Without the pictures, set down every line of the data exactly.

•••••

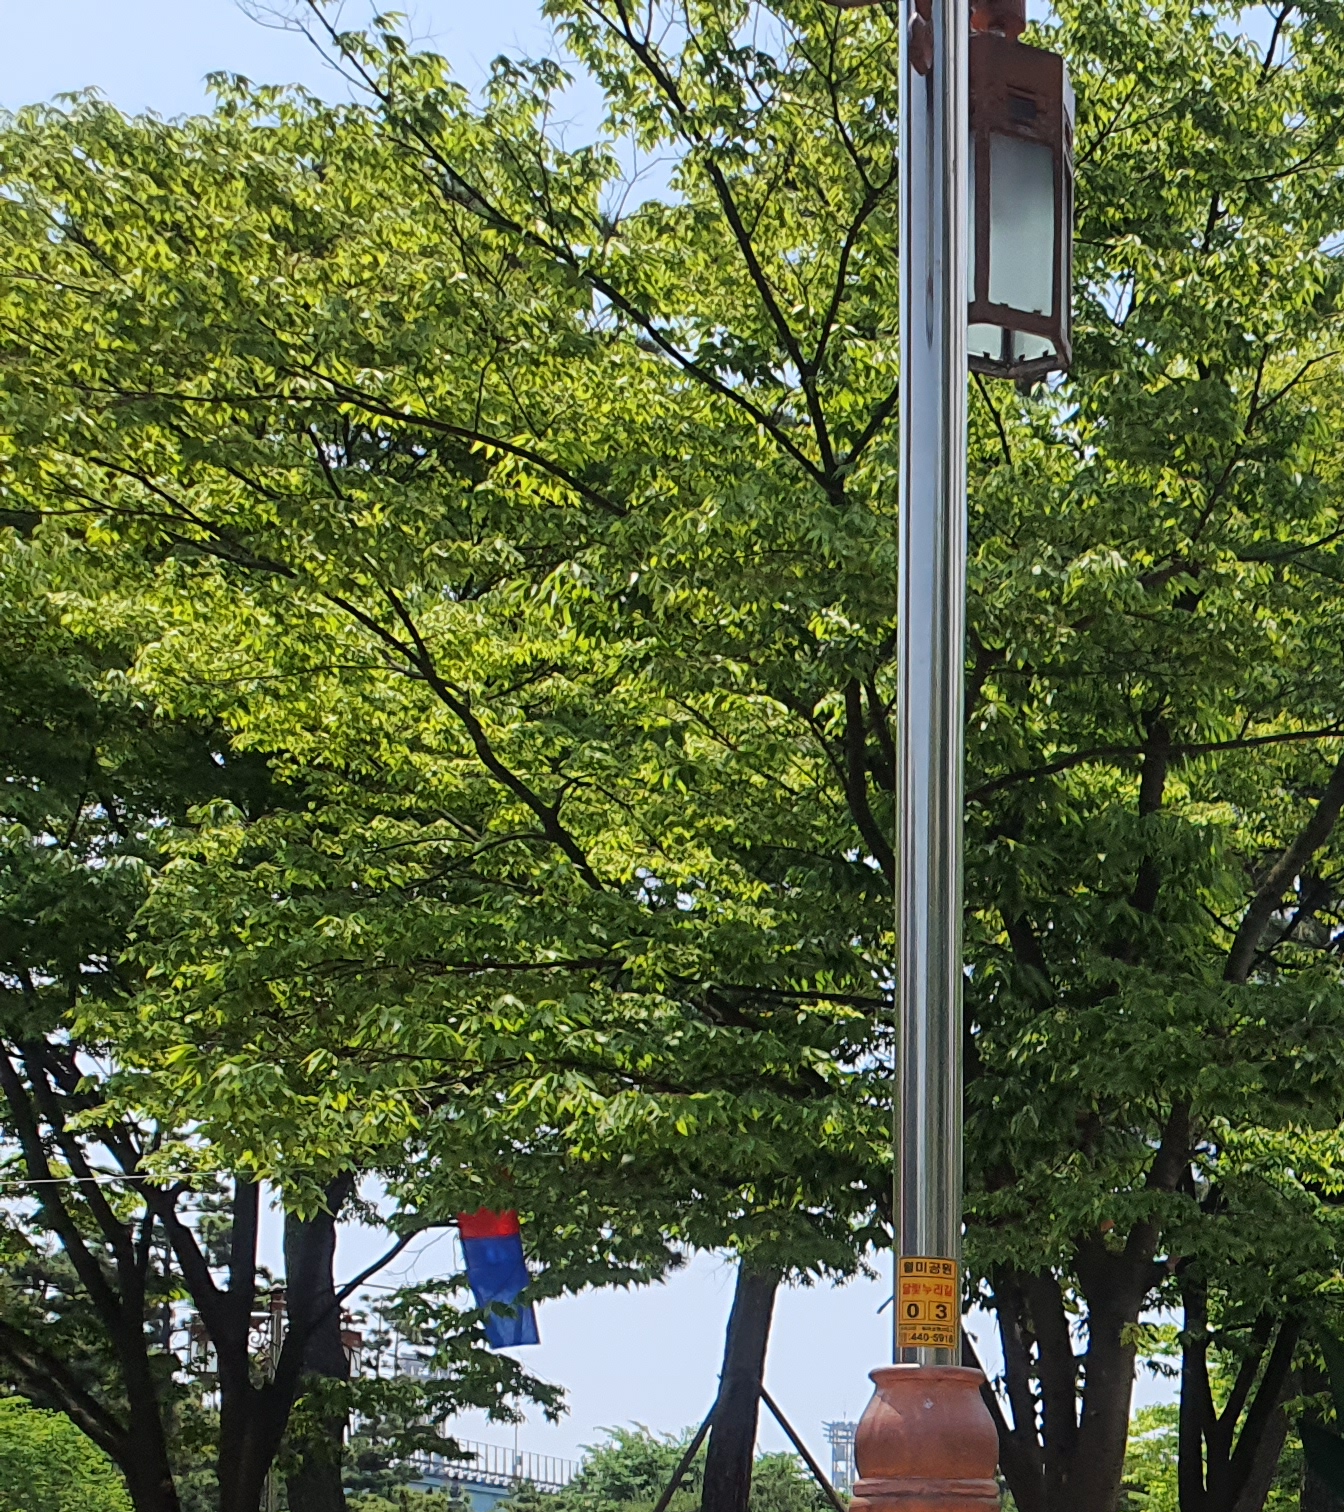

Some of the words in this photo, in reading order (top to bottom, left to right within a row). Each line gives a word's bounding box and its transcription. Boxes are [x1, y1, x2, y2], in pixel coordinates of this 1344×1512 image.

[904, 1262, 952, 1275] 월미공원
[907, 1303, 919, 1318] 0
[935, 1304, 947, 1319] 3
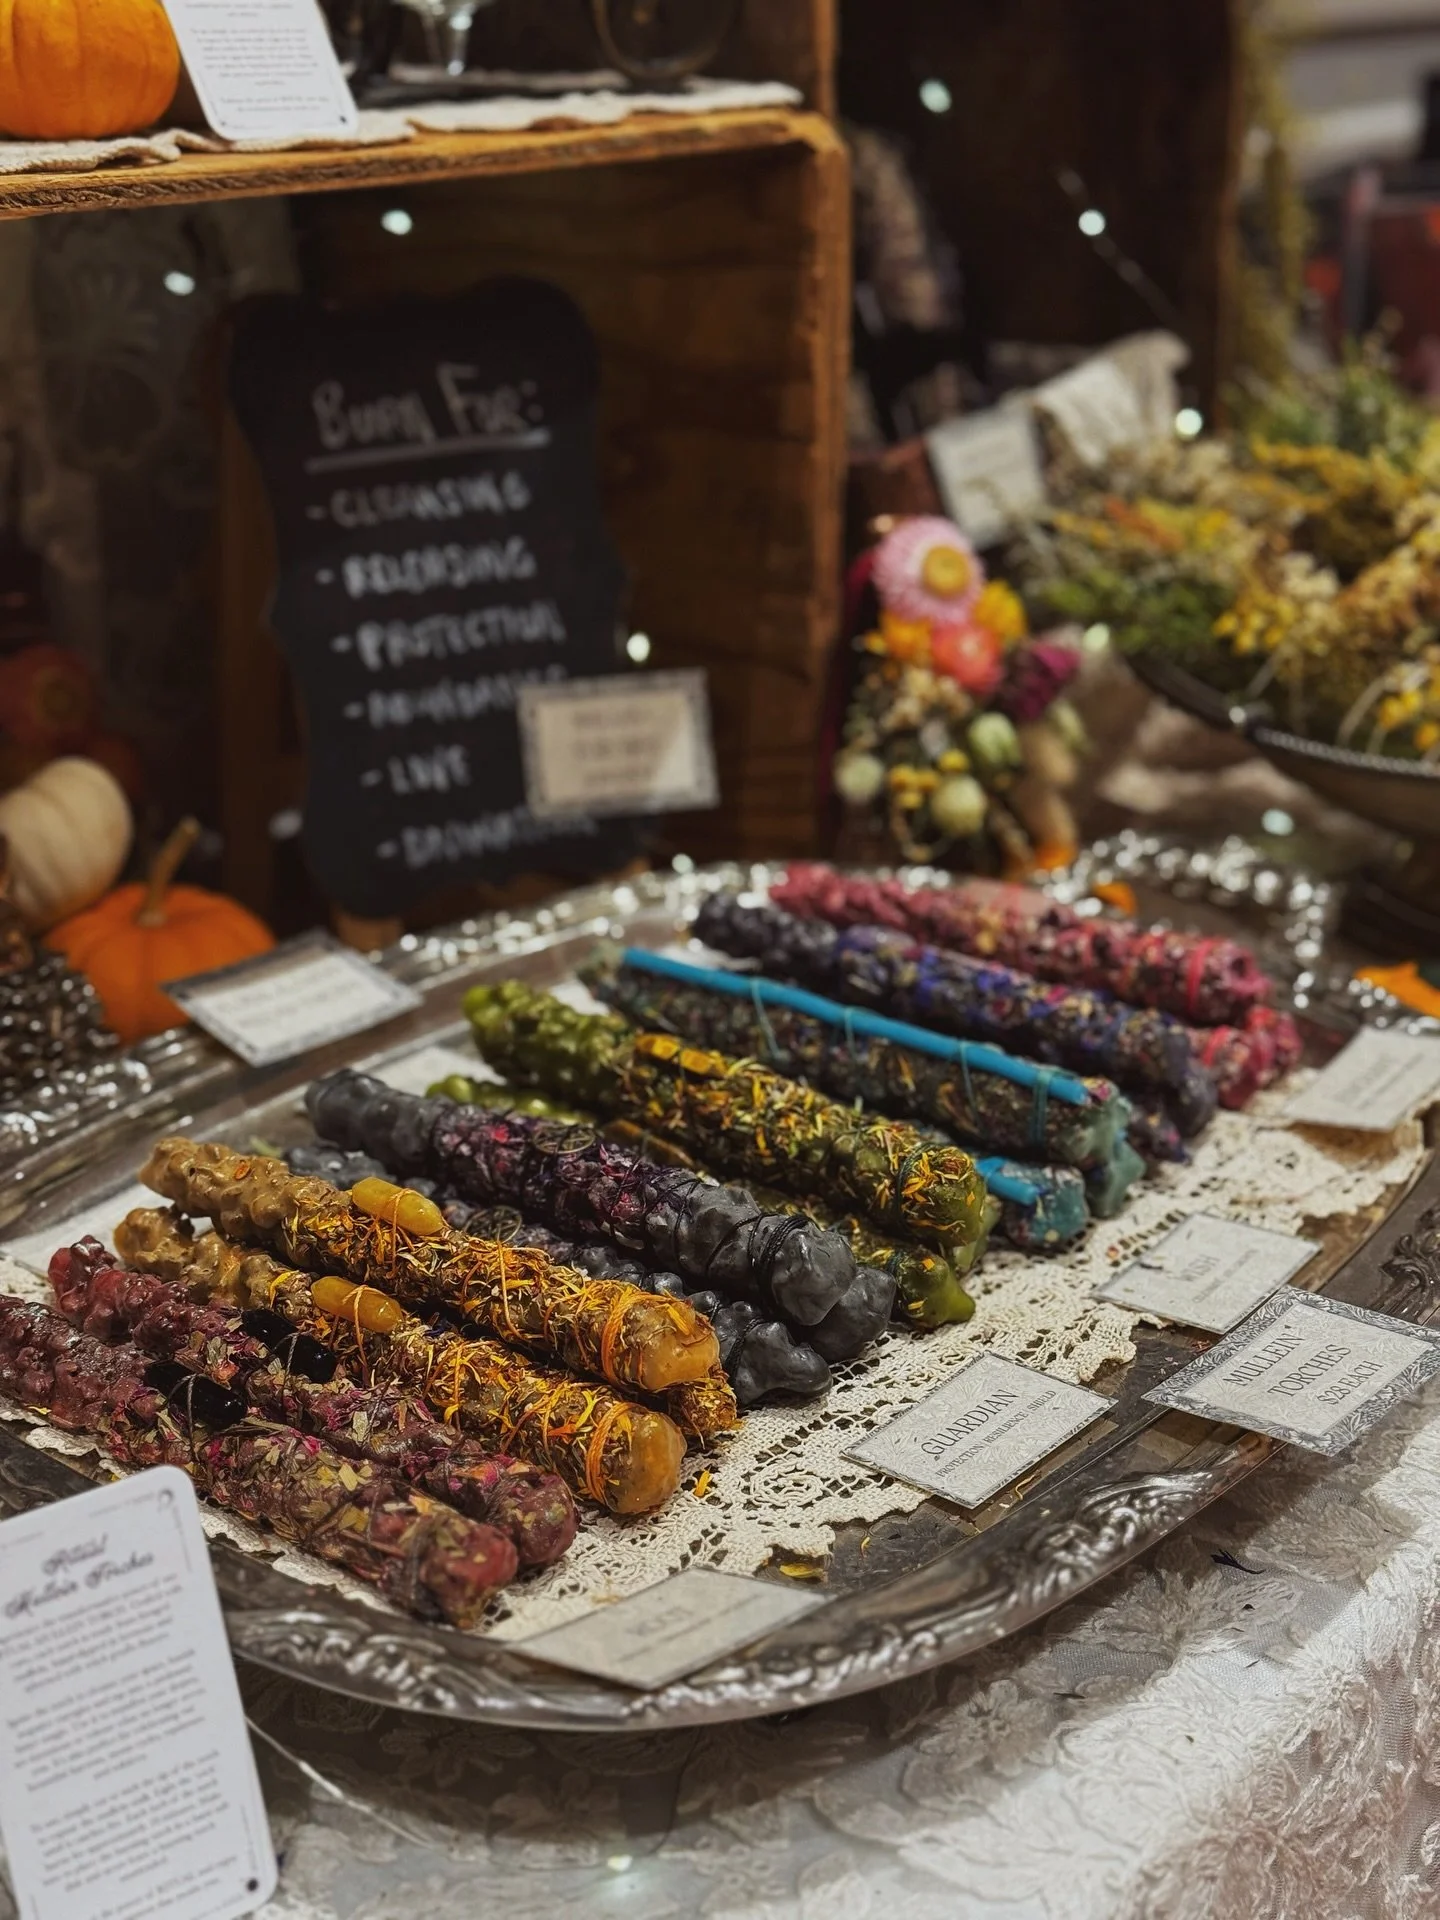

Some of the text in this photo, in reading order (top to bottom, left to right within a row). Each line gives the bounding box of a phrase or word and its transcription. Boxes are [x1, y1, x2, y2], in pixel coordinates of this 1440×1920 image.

[1223, 1332, 1305, 1387] MULLEIN
[1267, 1343, 1351, 1397] TORCHES
[1343, 1360, 1384, 1393] EACH
[921, 1389, 1019, 1457] GUARDIAN
[935, 1440, 986, 1478] PROTECTION

•••••

### Answer box
Some of the words in this photo, in reading order (top to bottom, left to right within a row). Each line gives a word's bounding box and its transcription. Boxes are [x1, y1, x2, y2], in pixel coordinates of this 1344×1512 image.

[904, 1262, 952, 1275] 월미공원
[907, 1303, 919, 1318] 0
[935, 1304, 947, 1319] 3

Some of the text in this photo, in reading order (top to bottom, left to right within a row). Each line gives the bounding box of a phrase or word and its transcription. Boxes are [x1, y1, x2, y2], in pixel coordinates of this 1440×1920 image.

[1223, 1332, 1305, 1387] MULLEIN
[1267, 1343, 1351, 1397] TORCHES
[1343, 1360, 1384, 1393] EACH
[921, 1389, 1019, 1457] GUARDIAN
[935, 1440, 986, 1478] PROTECTION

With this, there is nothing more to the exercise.